Why build this when Signal exists?

Signal, iMessage, WhatsApp and the rest are excellent at what they do — but they run on phones. That means a radio, an operating system, app stores, third-party servers, and the cloud. Any one of those is something an attacker can target without ever touching the cryptography. The OTP gadget removes the phone (and everything that comes with it) from the equation.

If your threat model doesn't include any of those routes, Signal is more convenient and the right tool. This gadget is for the cases where you specifically don't want a phone in the loop.

Why a one-time pad and not, say, RSA or ECC?

A correctly used one-time pad is mathematically unbreakable — no clever attack, no future computer, no quantum machine breaks it. Public-key crypto is breakable in principle; we just don't know how to do it efficiently yet. For a device intended to outlive whatever computers exist in 50 years, the OTP is the more conservative choice.

The trade is that you have to physically exchange a card to set up a contact. Public-key crypto doesn't need that. For two-person private channels, the in-person exchange isn't a deal-breaker.

Is the case design free too?

Yes. As of May 2026 the entire project is open source - firmware, protocol, parts list, assembly notes, slicer settings, and the printable case .3mf files all live in the public repo. Nothing about the design is paywalled.

The project is funded by donations on GitHub Sponsors and (once demand justifies it) by sales of fully-compliant built units. If you build one and find it useful, chipping in is appreciated but never required.

About using it

How long does the pad last?

5 MB of send pad and 5 MB of receive pad per contact. At ~500 bytes per message including overhead, that's roughly 10,000 messages each way per contact before you'd need to re-exchange. For most realistic use, that's years.

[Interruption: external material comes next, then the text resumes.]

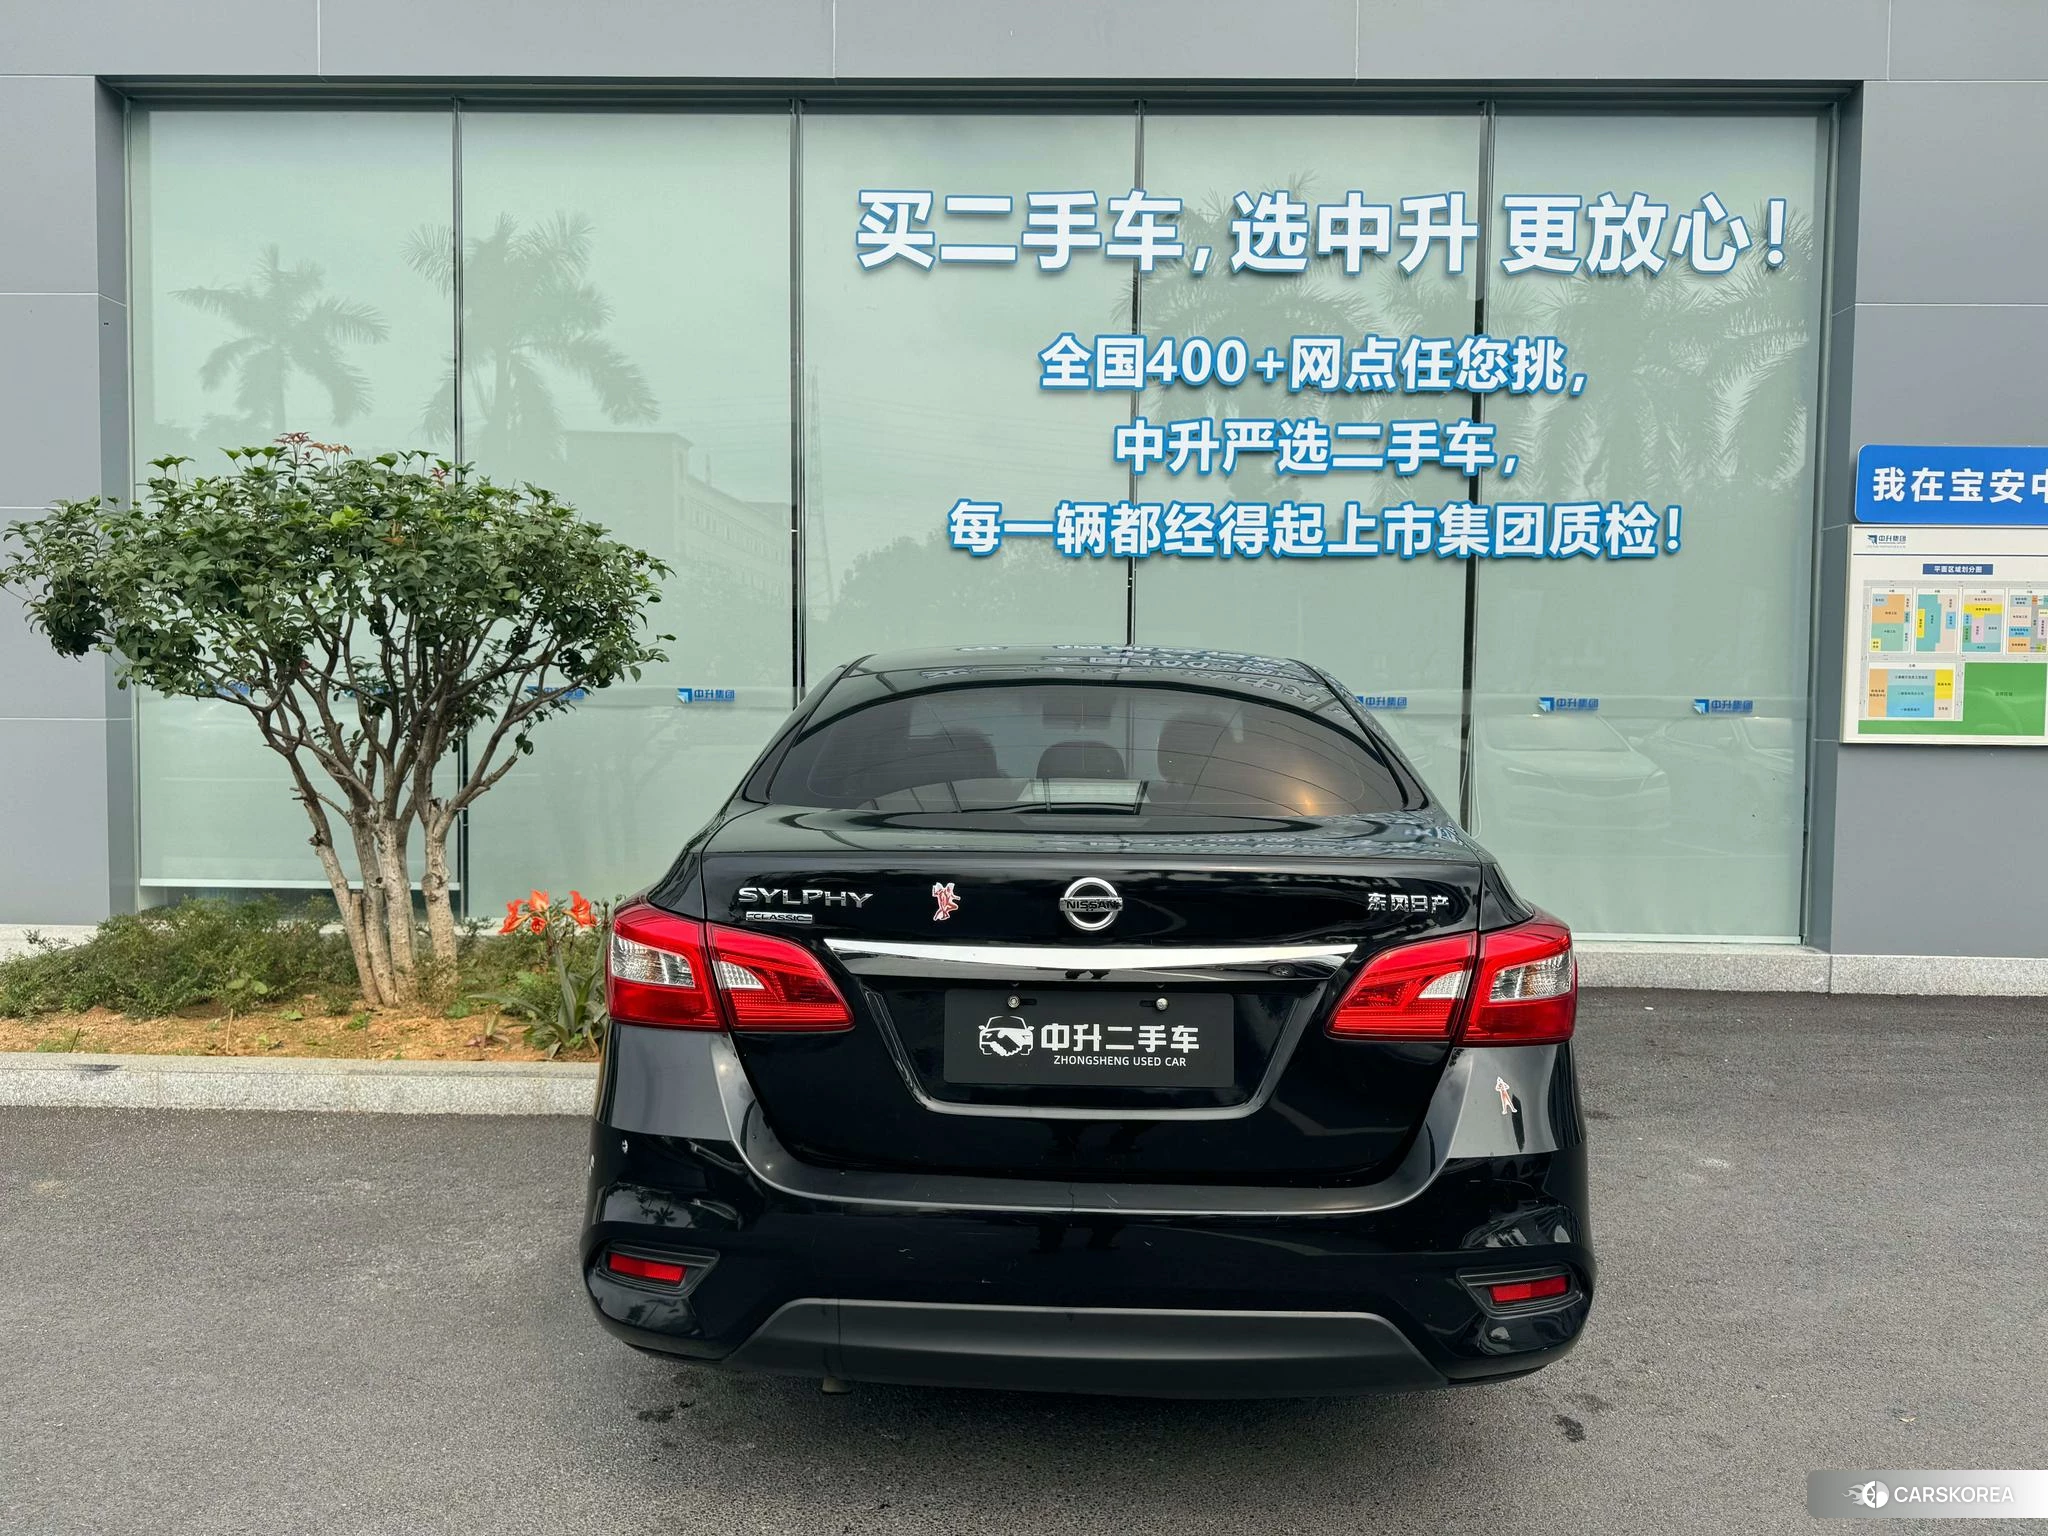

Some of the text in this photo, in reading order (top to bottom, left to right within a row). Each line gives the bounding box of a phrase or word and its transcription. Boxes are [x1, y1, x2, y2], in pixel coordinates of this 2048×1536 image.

Can I have more than one contact?

Yes. There's no hard limit on the number of contacts — each one has its own 5 MB send and 5 MB receive pad on your own card. A 32 GB Class 10 card has plenty of room for many contacts.

Can I send the QR over the internet (text it, email it, etc.)?

Yes. The QR is just ciphertext — it's safe to send over any channel. Photographing it and sending it via WhatsApp, iMessage, Telegram, or email is fine. The point of the gadget is that the encryption doesn't depend on those channels, not that the channels can't be used.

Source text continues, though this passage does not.